Für die Wartungszwecke habe ich mir die Möglichkeiten des Rückspülens der Leitungen eingebaut, so dass ich in den kommenden Jahren die Leitungen unter dem Kies mal reinigen könnte.


----------



## anz111 (7. Okt. 2016)

Kannst gerne mal in salzburg vorbeischauen.
Lg oliver


----------



## 4711LIMA (7. Okt. 2016)

Hallo Tephrofan, die Möglichkeiten sind fast unendlich und was beim Einen gut funktioniert ist manchmal beim Anderen nicht praktikabel.
Teich ansehen siehe mein Link.
Gruss


----------



## Tephrofan (7. Okt. 2016)

anz111 schrieb:


> Kannst gerne mal in salzburg vorbeischauen.
> Lg oliver


Servus Oli! Ich wollt eigentlich eine PN schreiben, aber ist scheinbar hier nicht möglich...Merci fürs Angebot, welches wir echt gerne und dankend annehmen würden- hab Deinen Beitrag gelesen und bin total begeistert wie Du/Ihr das gemeistert habt- wir wollen auch zumindest den Boden betonieren, die Wände aber aufmauern, Ihr habt das wohl mit Spritzbeton gemacht, geht bei uns nicht weil wir für solche Gefährte keine Zufahrt haben und alles händisch machen müssen. Folie wollen wir von Naturagart nehmen, aber nicht im ganzen Stück, sondern verschweißen, das denke ich spart unheimlich Kraft und Nerven...kann mir vorstellen dass Ihr nicht nur 1x geflucht hattet beim ausbreiten der Folie. Außerdem hat man dann nicht soviel Falten- sind schon echt gespannt auf Dein Feetback wies Euch sonst geht- wann habt Ihr mal Zeit?

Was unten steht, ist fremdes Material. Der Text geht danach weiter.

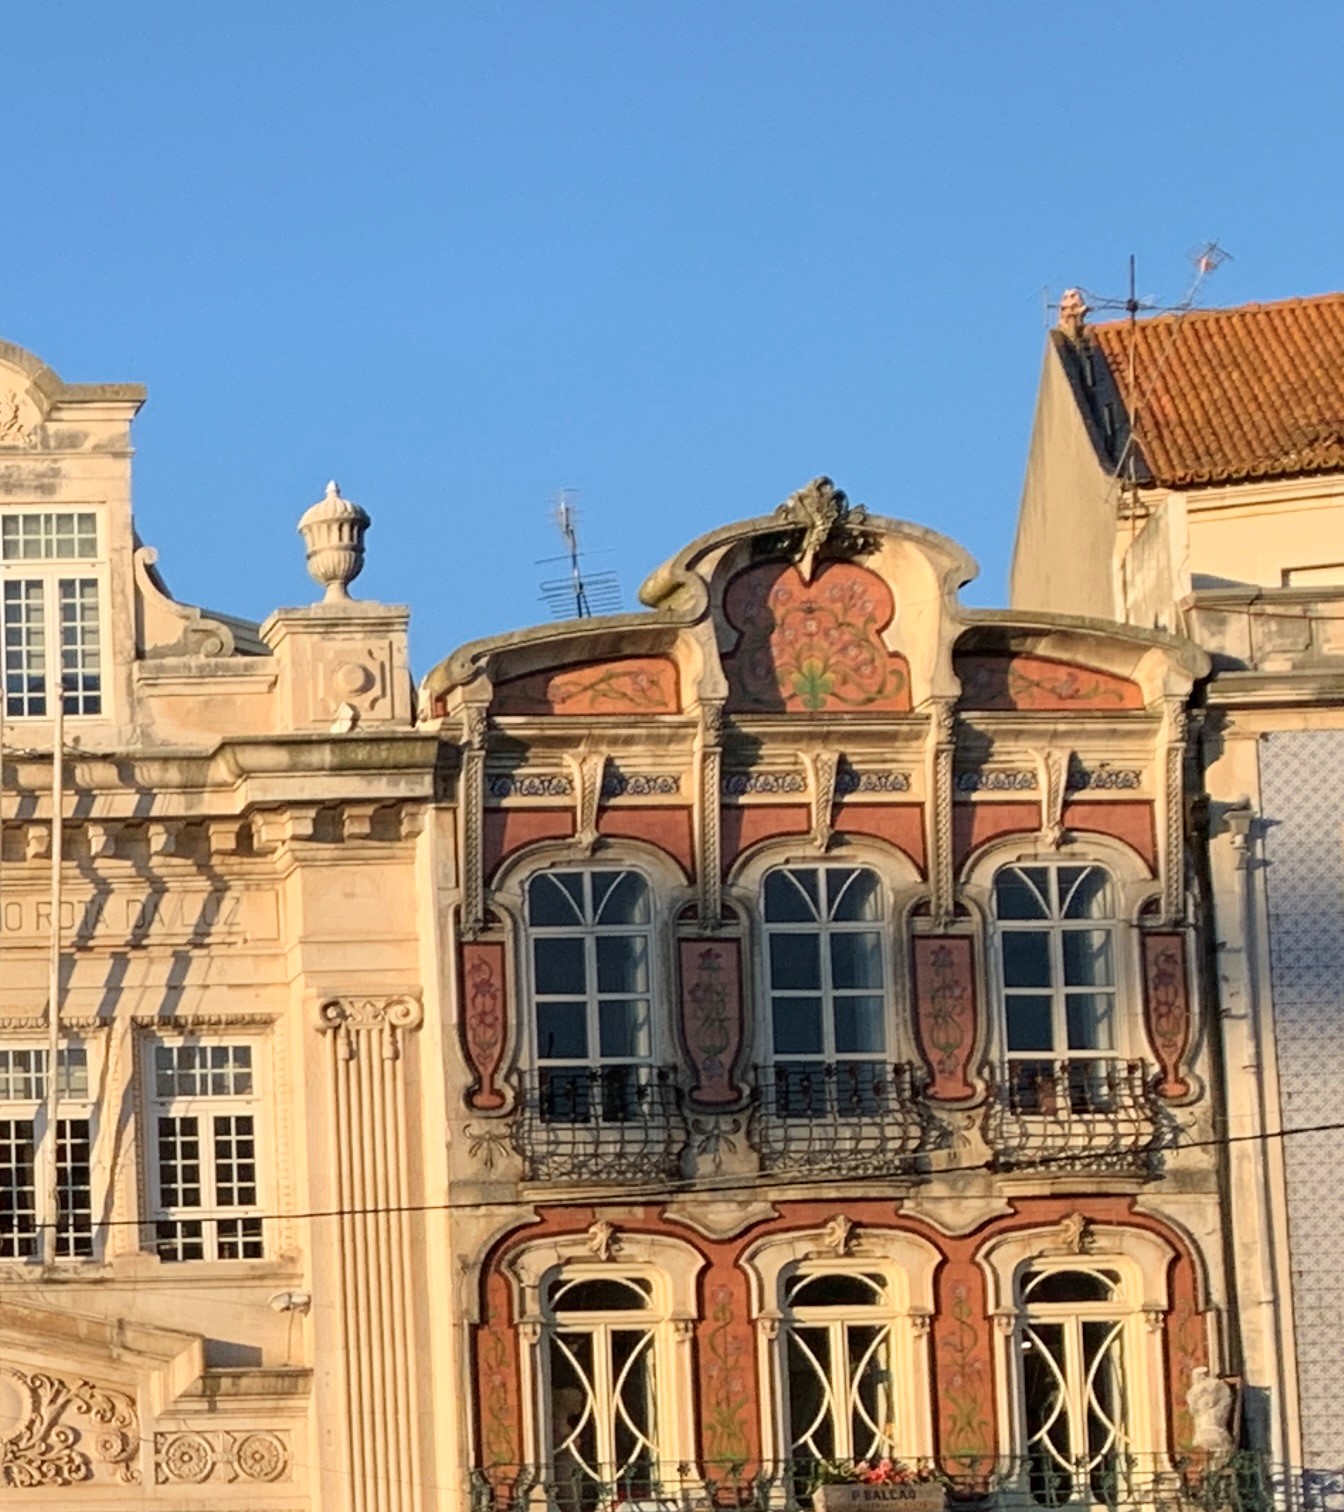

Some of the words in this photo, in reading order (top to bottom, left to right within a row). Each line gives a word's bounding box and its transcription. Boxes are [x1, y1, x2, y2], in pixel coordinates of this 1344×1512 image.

Hätten nächste Woche Urlaub und könnten mal vorbeschaun wenns bei Euch passt- bis dann, lg Michi (edit by Mod.Zacky) - danke schonmal


----------



## Tephrofan (7. Okt. 2016)

4711LIMA schrieb:


> Hallo Tephrofan, die Möglichkeiten sind fast unendlich und was beim Einen gut funktioniert ist manchmal beim Anderen nicht praktikabel.
> Teich ansehen siehe mein Link.
> Gruss


merci- superinteressant- bei uns hats etwas gehapert mit Baugenehmigung, in Bayern werden gern mal die Vorschriften nach guter oder schlechter Laune bemessen und man braucht unendlich Geduld- haben wir schon damals beim Bau unseres Passivhauses spüren müssen.- Hat 2 Jahre gedauert bis wir endlich grünes Licht für unser "verrücktes" Projekt bekommen hatten- diesmal gings echt schnell- 8 Monate, für diese Verhältnisse echt Rekordverdächtig- das "Problem" ist, dass wir 2,5m tief bauen wollen, soll ja ein Schwimm- und kein Krabbelteich werden, außerdem wollen wir mit der Tiefe erreichen dass das wasser in so super-Sommern wie die letzten Jahre nicht gleich umkippt und wir in Erbsensuppe baden dürfen....wir haben eine natürliche Landschaft mit viiiiiel Steinen, passend zu meiner Kakteengärtnerei geschaffen und es fehlt einfach das gewisse "Naß", mit dem wir schon seit Jahren liebäugeln- und hier soll das Projekt dann erstellt werden;


----------



## Tephrofan (7. Okt. 2016)

momentan ist erst mal "Schluß" unter der Brücke, wo sich ein kleines Zwischenbecken hält und lediglich von zahlreichen Wasserschnecken besiedelt wird, die dafür sorgen dass alles schön sauber bleibt....wir wollen unseren "style" beibehalten- viiiel Kies, Steine und Pflanzen, so natürlich wie möglich


----------



## troll20 (7. Okt. 2016)

Tephrofan schrieb:


> ch wollt eigentlich eine PN schreiben, aber ist scheinbar hier nicht möglich


Doch oben rechts steht der Link Unterhaltungen, dem einfach mal folgen


----------



## troll20 (7. Okt. 2016)

Und wenn du die Unterhaltung gefunden hast, benutzt du am besten den Melden Button unter deinem Beitrag mit der Telefon Nummer und lässt ihn editieren -
Muß ja nicht jeder deine Privatnummer kennen 
Alternativ einen der Mods oder @Joachim  direkt per Unterhaltung anschreiben.


----------



## Zacky (7. Okt. 2016)

Ich meine, dass die PN erst aber einer gewissen Anzahl von Beiträgen möglich ist.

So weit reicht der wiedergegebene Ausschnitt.